Restorative neurology is a branch of neurology dedicated to improving functions of the impaired nervous system through selective structural or functional modification of abnormal neurocontrol according to underlying mechanisms and clinically unrecognized residual functions. [1] [2] When impaired, the body naturally reconstructs new neurological pathways and redirects activity. The field of restorative neurology works to accentuate these new pathways and primarily focuses on the theory of the plasticity of an impaired nervous system. Its main goal is to take a broken down and disordered nervous system and return it to a state of normal function. Certain treatment strategies are used to augment instead of fully replace any performance of surviving and also improving the potential of motor neuron functions. This rehabilitation of motor neurons allows patients a therapeutic approach to recovery opposed to physical structural reconstruction.

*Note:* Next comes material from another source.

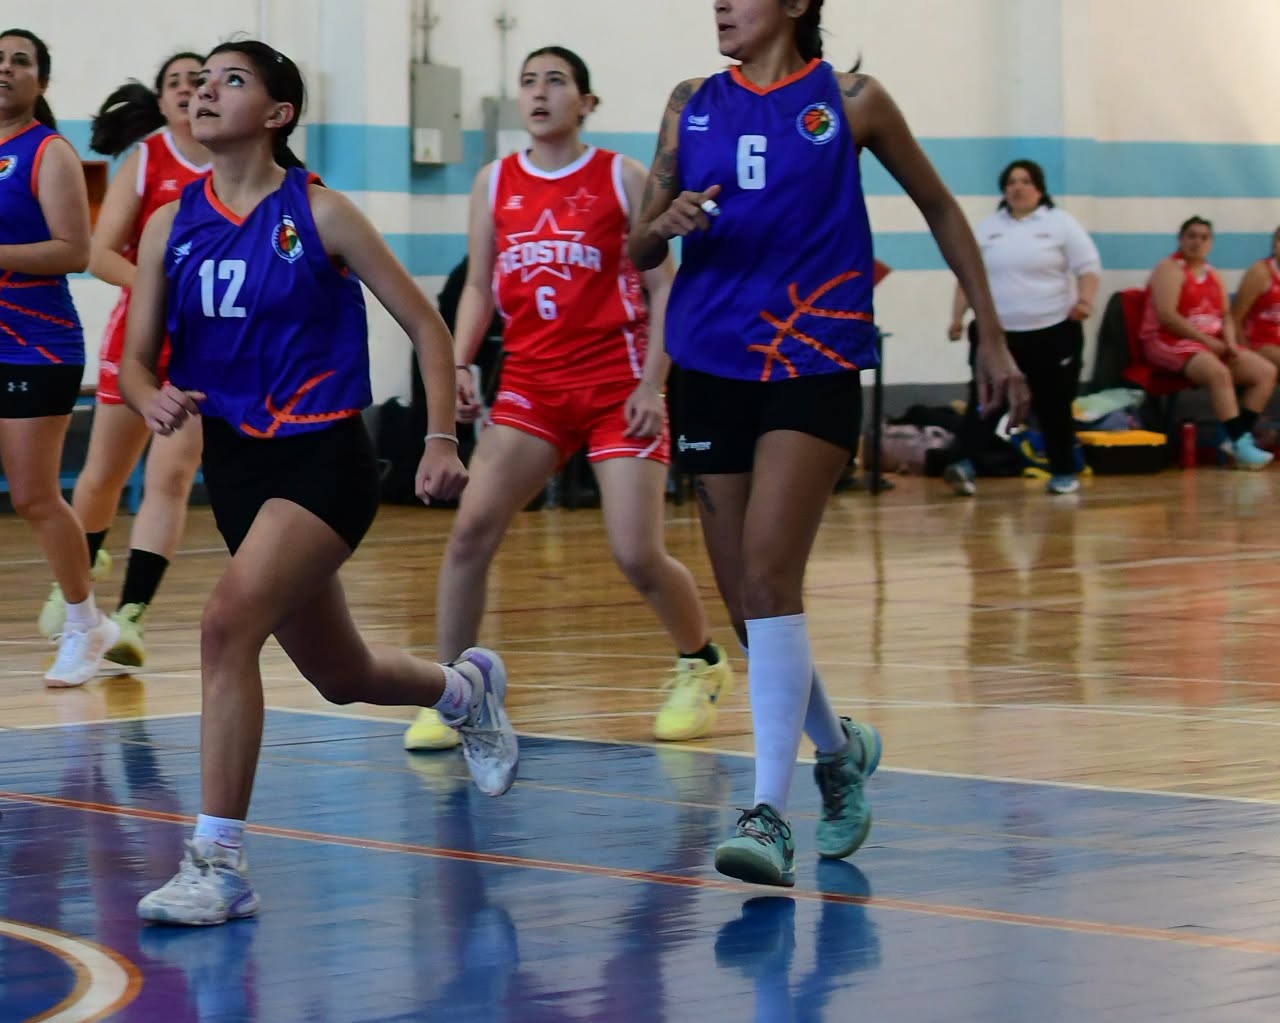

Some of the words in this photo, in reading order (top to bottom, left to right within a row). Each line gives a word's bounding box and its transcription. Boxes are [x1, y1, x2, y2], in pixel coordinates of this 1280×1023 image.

[736, 134, 768, 190] 6
[198, 259, 247, 318] 12
[535, 285, 558, 321] 6

It is applied in a wide range of disorders of the nervous system, including upper motor neuron dysfunctions like spinal cord injury, cerebral palsy, multiple sclerosis and acquired brain injury including stroke, and neuromuscular diseases as well as for control of pain and spasticity. Instead of applying a reconstructive neurobiological approach, i.e. structural modifications, restorative neurology relies on improving residual function. While subspecialties like neurosurgery and pharmacology exist and are useful in diagnosing and treating conditions of the nervous system, restorative neurology takes a pathophysiological approach. Instead of heavily relying on neurochemistry or perhaps an anatomical discipline, restorative neurology encompasses many fields and blends them together. [3]

Contents

History

William James is credited for the idea of neuroplasticity based on the ideas in his two-volume book, The Principles of Psychology, in 1890. Although it was not referred to neuroplasticity at the time, his concepts were clear. He was the first to recognize the brain as malleable, however his ideas were not widely accepted until the 1970s.[ citation needed ] Scientists had previously thought that a human adult brain was fixed, meaning that it was unable to generate new cells, and was essentially unchangeable. Children were the only group of individuals thought to have the ability to expand their knowledge and readily absorb new information. [4] Several discoveries were made throughout the study of neuroplasticity. Eugenio Tanzi was responsible for the discovery of the neural articulations, known as synapses, and Ernesto Lugaro was later responsible for the association of neural plasticity with synaptic plasticity. [5] It wasn’t until tests on rhesus monkeys, beginning in the 1920s, proved evidence of the brain activity described by William James. Karl Lashley worked with adult rhesus monkeys and found neurons to travel in different pathways in response to the same stimuli. This led him to believe that neural plasticity was possible, and the brain of an adult rhesus monkey was able to incorporate change and the ability to remodel itself. Despite these discoveries, the idea was largely unaccepted. [4] Another study on rhesus monkeys in 1970, led by Michael Merzenich, researched sensory motor neurons in response to severed nerve endings in the hands of Rhesus monkeys. They discovered that the brain was able to rewire itself so that the monkeys could process signals from other parts of the hand where they could still feel. [4] “Plasticity” was made popular by Livingstons work in 1966. He challenged the consensus that the brain only develops during a critical period in early childhood. He showed how many places of the brain continue to display plasticity through adulthood. [6]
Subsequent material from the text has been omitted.